In some implementations, server 235 may include one or more applications to analyze and consolidate data feeds and/or data updates received from users of client computing devices 205. As an example, data feeds and/or data updates may include, but are not limited to, in vivo feeds, in silico feeds, or real-time updates received from public studies, user studies, one or more third party information sources, and data streams (continuous, batch, or periodic), which may include real-time events related to sensor data applications, biological system monitoring, and the like. Server 235 may also include one or more applications to display the data feeds, data updates, and/or real-time events via one or more display devices of client computing devices 205.

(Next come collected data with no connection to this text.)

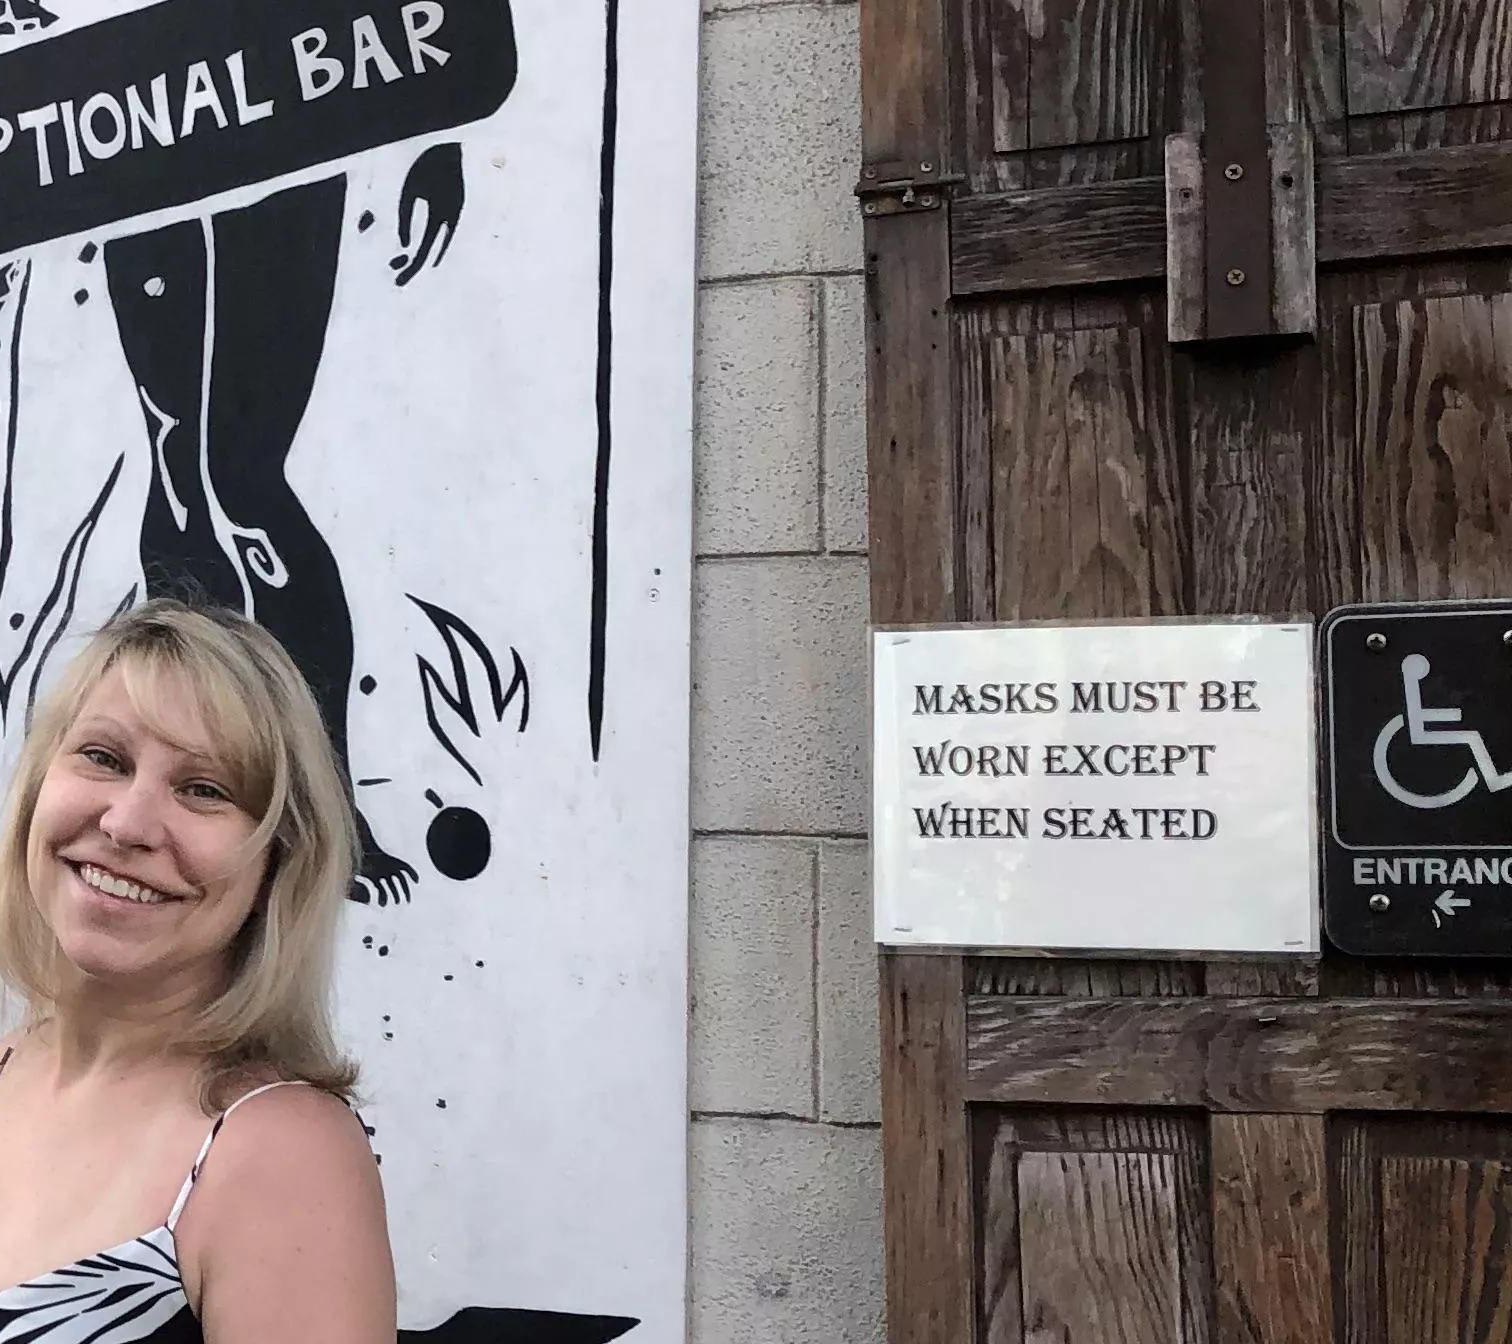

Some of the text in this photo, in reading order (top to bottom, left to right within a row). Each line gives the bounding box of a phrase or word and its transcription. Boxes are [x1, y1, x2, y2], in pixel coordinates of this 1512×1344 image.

[291, 0, 451, 102] BAR
[912, 679, 1262, 716] MASKS MUST BE
[912, 739, 1217, 778] WORN EXCEPT
[912, 801, 1218, 841] WHEN SEATED
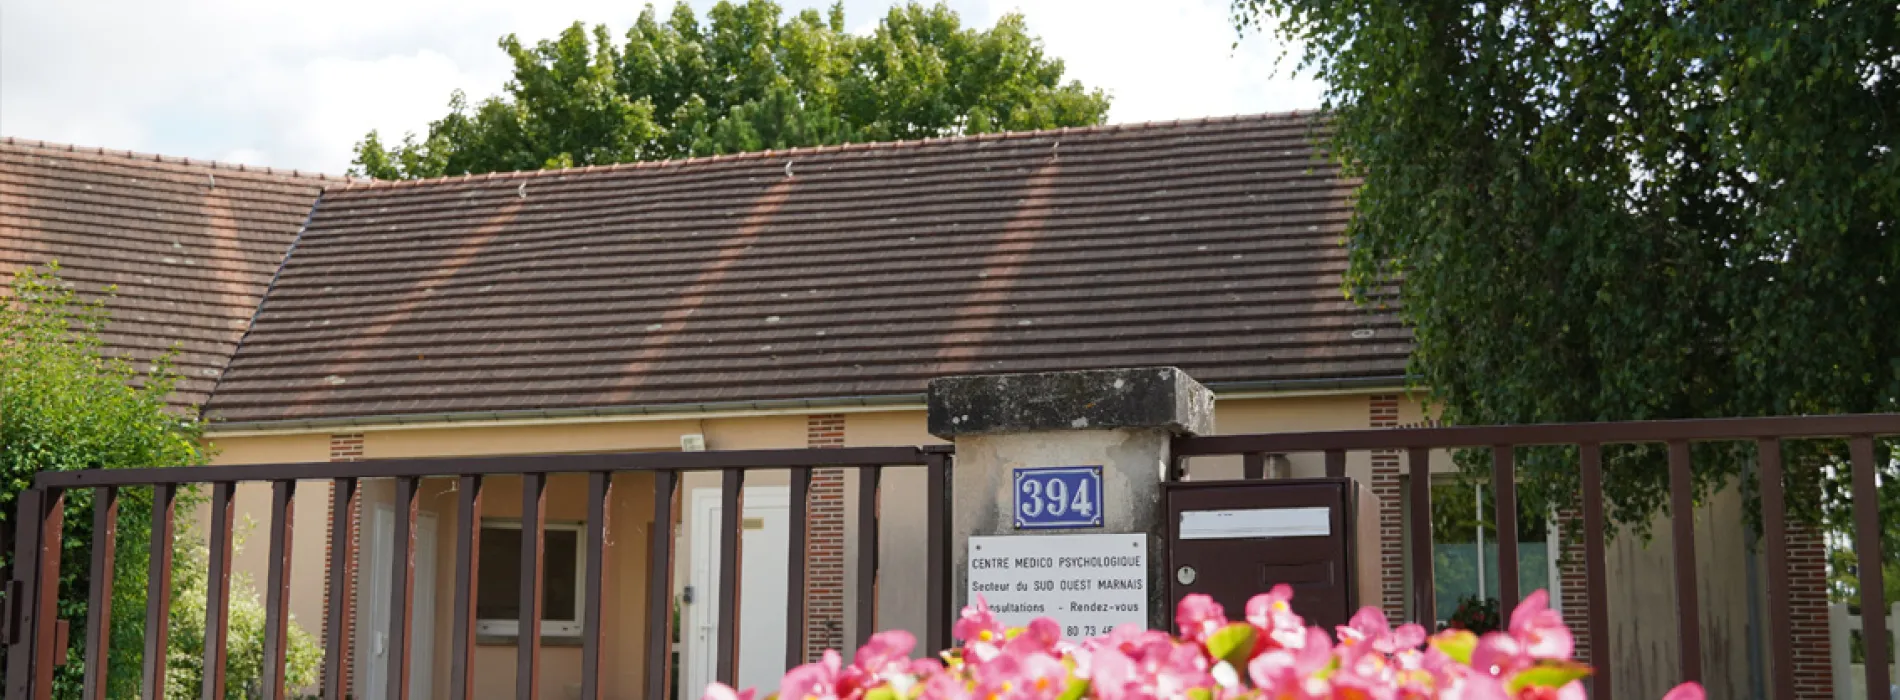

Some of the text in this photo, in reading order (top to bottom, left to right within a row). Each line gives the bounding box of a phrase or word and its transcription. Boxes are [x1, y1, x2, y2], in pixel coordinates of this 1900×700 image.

[1021, 477, 1093, 518] 394
[972, 555, 1141, 569] CENTRE MEDICO PSYCHOLOGIQUE
[972, 579, 1143, 592] Secteur du SUD OUEST MARNAIS
[977, 602, 1045, 613] nsultations
[1070, 601, 1139, 612] Rendez-vous
[1066, 625, 1079, 637] 80
[1085, 625, 1096, 637] 73
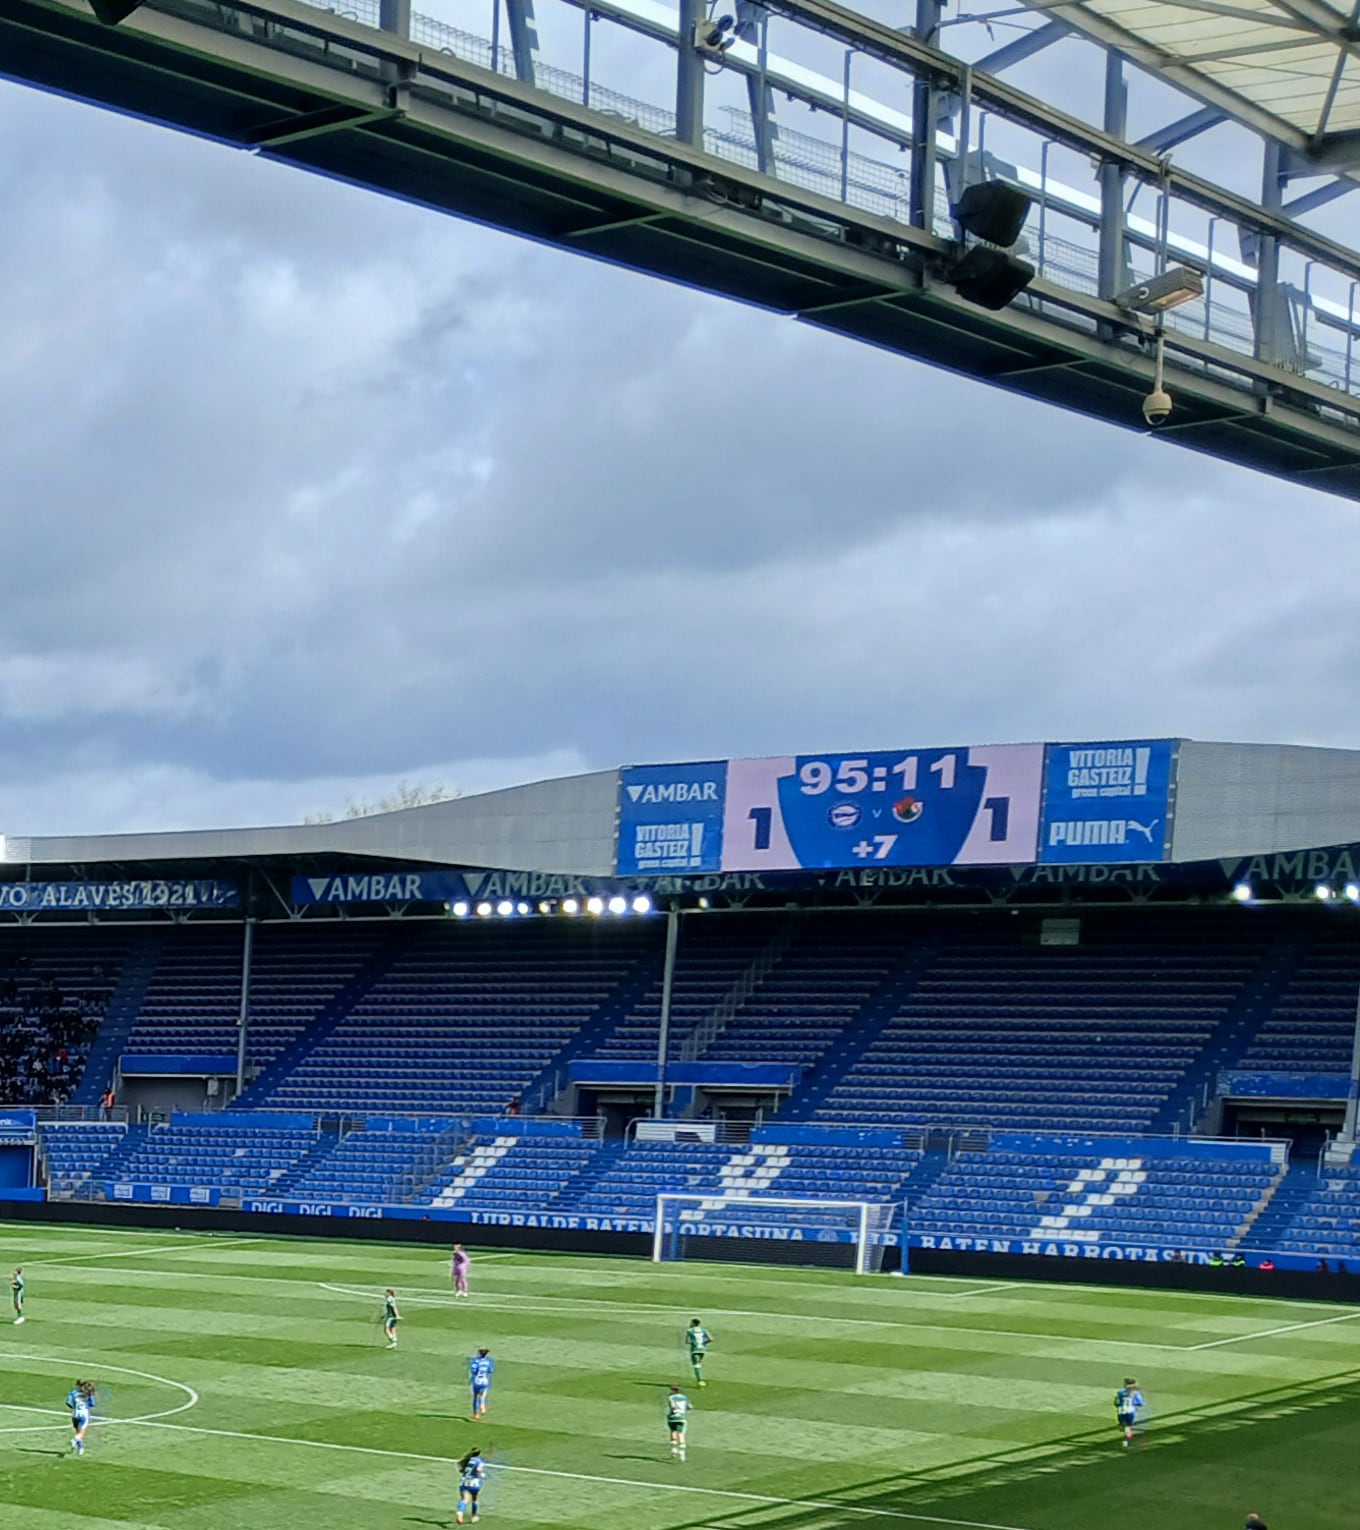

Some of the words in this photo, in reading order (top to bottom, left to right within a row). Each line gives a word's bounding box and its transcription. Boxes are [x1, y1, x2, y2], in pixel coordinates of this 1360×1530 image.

[1069, 748, 1133, 768] VITORIA
[799, 753, 956, 797] 95:11
[641, 781, 719, 803] AMBAR
[747, 806, 772, 850] 1
[983, 796, 1010, 842] 1
[635, 823, 690, 842] VITORIA
[1049, 820, 1127, 846] PUMA
[852, 834, 898, 860] +7
[1246, 850, 1360, 881] AMBA
[329, 875, 423, 901] AMBAR
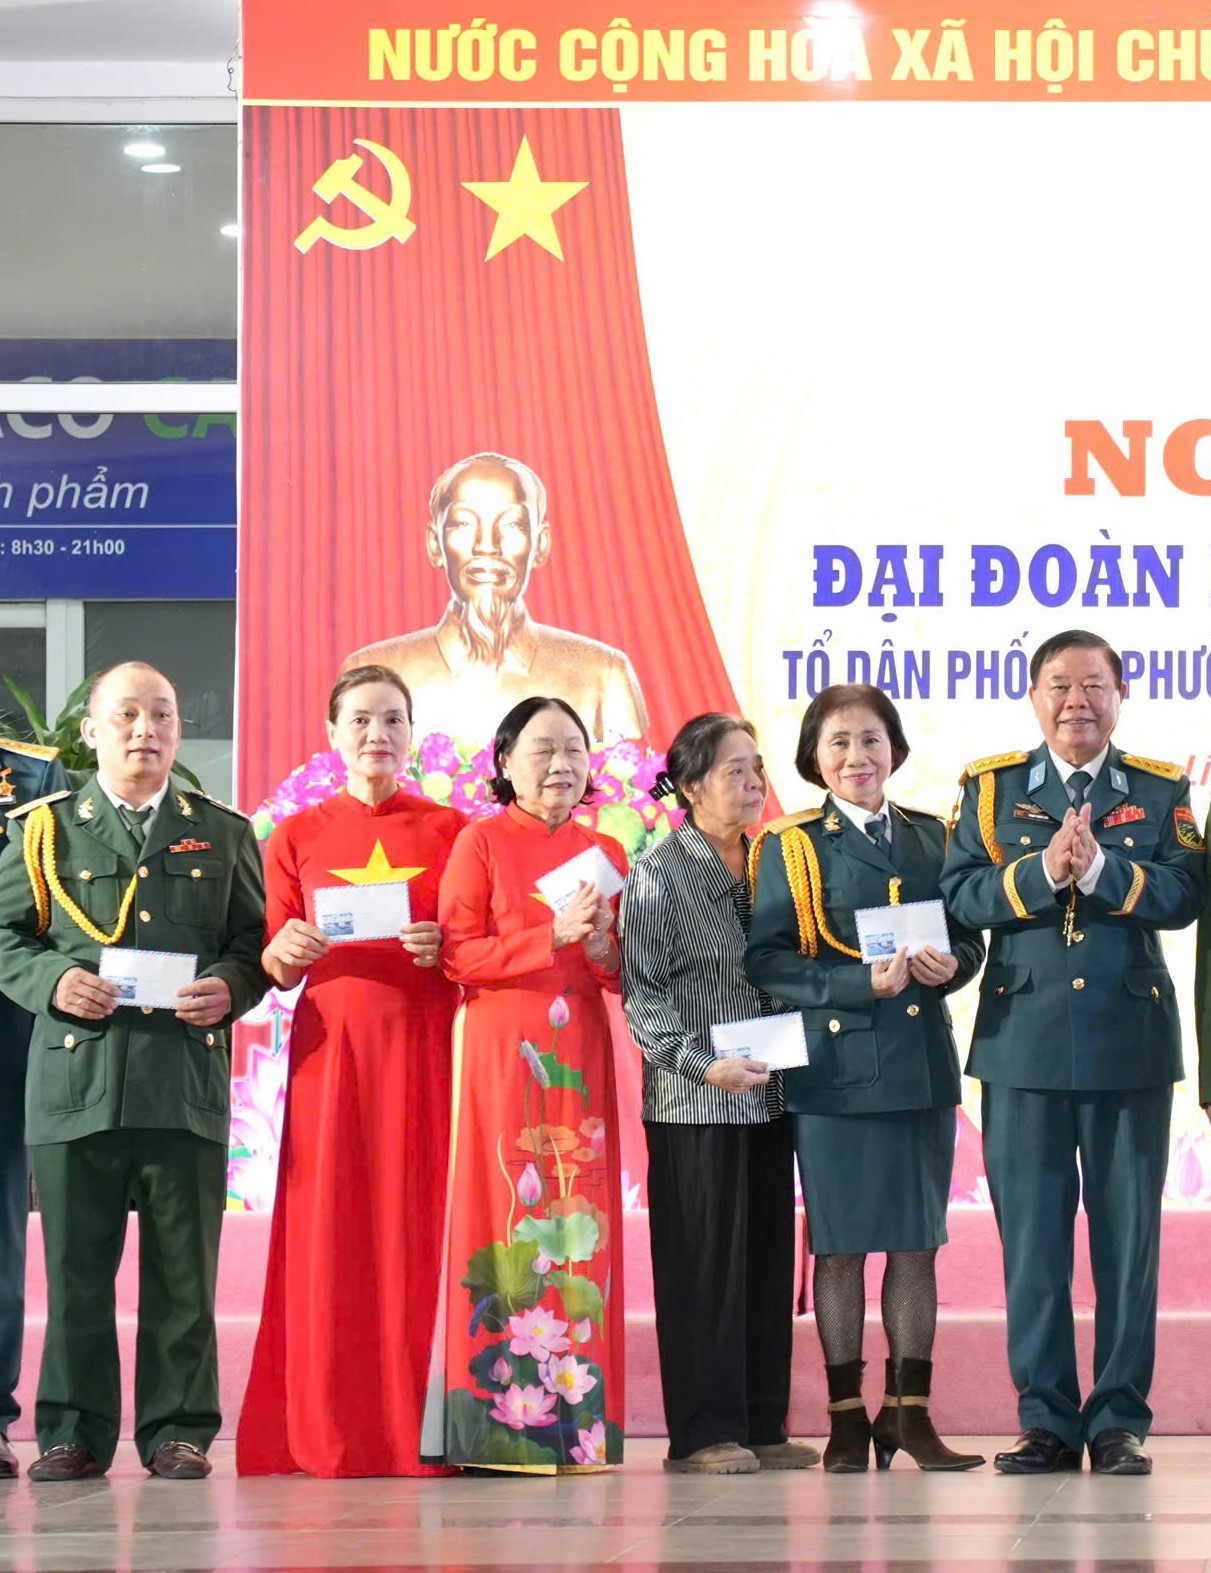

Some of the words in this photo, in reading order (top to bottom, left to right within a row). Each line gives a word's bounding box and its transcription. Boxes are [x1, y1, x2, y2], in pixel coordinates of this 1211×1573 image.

[368, 18, 537, 81] NƯỚC
[559, 18, 727, 93] CỘNG
[748, 16, 872, 82] HÒA
[890, 18, 974, 81] XÃ
[994, 18, 1094, 93] HỘI
[27, 466, 149, 517] phẩm
[11, 540, 55, 556] 8h30
[71, 540, 125, 556] 21h00
[812, 544, 944, 623] ĐẠI
[970, 529, 1184, 608] ĐOÀN
[783, 629, 832, 699] TỔ
[847, 638, 931, 699] DÂN
[947, 631, 1028, 700] PHỐ

Sequencer 275 is a sequencing device which is any machine capable of sequencing one or more nucleic acid molecules to generate raw sequencing data (e.g., reads). Library prepared nucleic acid samples may be pooled and loaded into lanes of a sequencing flow cell. The flow cell may be loaded into sequencer 275 and imaged to generate sequence data. For example, reagents that interact with the nucleic acid samples fluoresce at particular wavelengths in response to an excitation beam and thereby return a signal for imaging. For instance, the fluorescent components may be generated by fluorescently tagged nucleic acids that hybridize to complementary molecules of the components or to fluorescently tagged nucleotides that are incorporated into an oligonucleotide using a polymerase. As will be appreciated by those skilled in the art, the wavelength at which the dyes of the sample are excited and the wavelength at which they fluoresce will depend upon the absorption and emission spectra of the specific dyes. Sequencer 275 may optionally include or be operably coupled to its own dedicated sequencer computer with its own input/output mechanisms, one or more processors, and memory. Additionally or alternatively, sequencer 275 may be operably coupled to a server 235 or client device 205 via network 220. Client device 205 may access the raw sequencing data files from data repositories 210 and execute instructions for analyzing or communicating the sequence data to network 220.
In the sample processing portion of workflow 300 (top), at least two or more samples are obtained from a single patient. The sample, or biological sample can be a cell-containing liquid or a tissue. The sample can comprise, but is not limited to, amniotic fluid, tissue biopsies, blood, blood cells, bone marrow, fine needle biopsy samples, peritoneal fluid, amniotic fluid, plasma, pleural fluid, saliva, semen, serum, tissue, or tissue homogenates, frozen or paraffin sections of tissue. Methods of obtaining the specimen include, but are not limited to, biofilms, aspirations, tissue sections, swabs, drawing blood or other fluids, surgical or needle biopsies, and the like. The at least two or more samples obtained from the same patient may be nucleic acid samples (e.g., DNA and/or RNA in both natural and synthetic forms).
The sample can be obtained from a noncancerous subject or a subject with a disease (e.g., solid tumor malignancies). As shown in
The tumor sample may be obtained as a formalin-fixed paraffin-embedded (FFPE) sample (e.g., tissue) that is previously prepared. A portion of the FFPE tumor sample, prior to DNA isolation, may first be section and stained 305 in a tissue pathology lab (or any other lab suitable for tissue preparations and staining). The processes of tissue/cell fixation, embedding, sectioning, staining, and imaging are well known in the art and any appropriate method may be used. Briefly, a sample (e.g., tissue) may first be fixed with a fixing agent to preserve the sample and slow down degradation. The fixed sample may then be embedded with, for example, paraffin, in preparation for tissue sectioning. The fixed and/or embedded sample may be sectioned into slices using, for example, a cryostat into appropriately thick sections. The sectioned sample is mounted on a slide where various staining methods may be performed to render relevant structures more visible. Examples of staining methods that may be used include histopathological staining methods, histochemical methods, hematoxylin and eosin (H&E) staining, trichrome stains, periodic acid-Schiff, silver stains, iron stains, immunohistochemistry (IHC), etc.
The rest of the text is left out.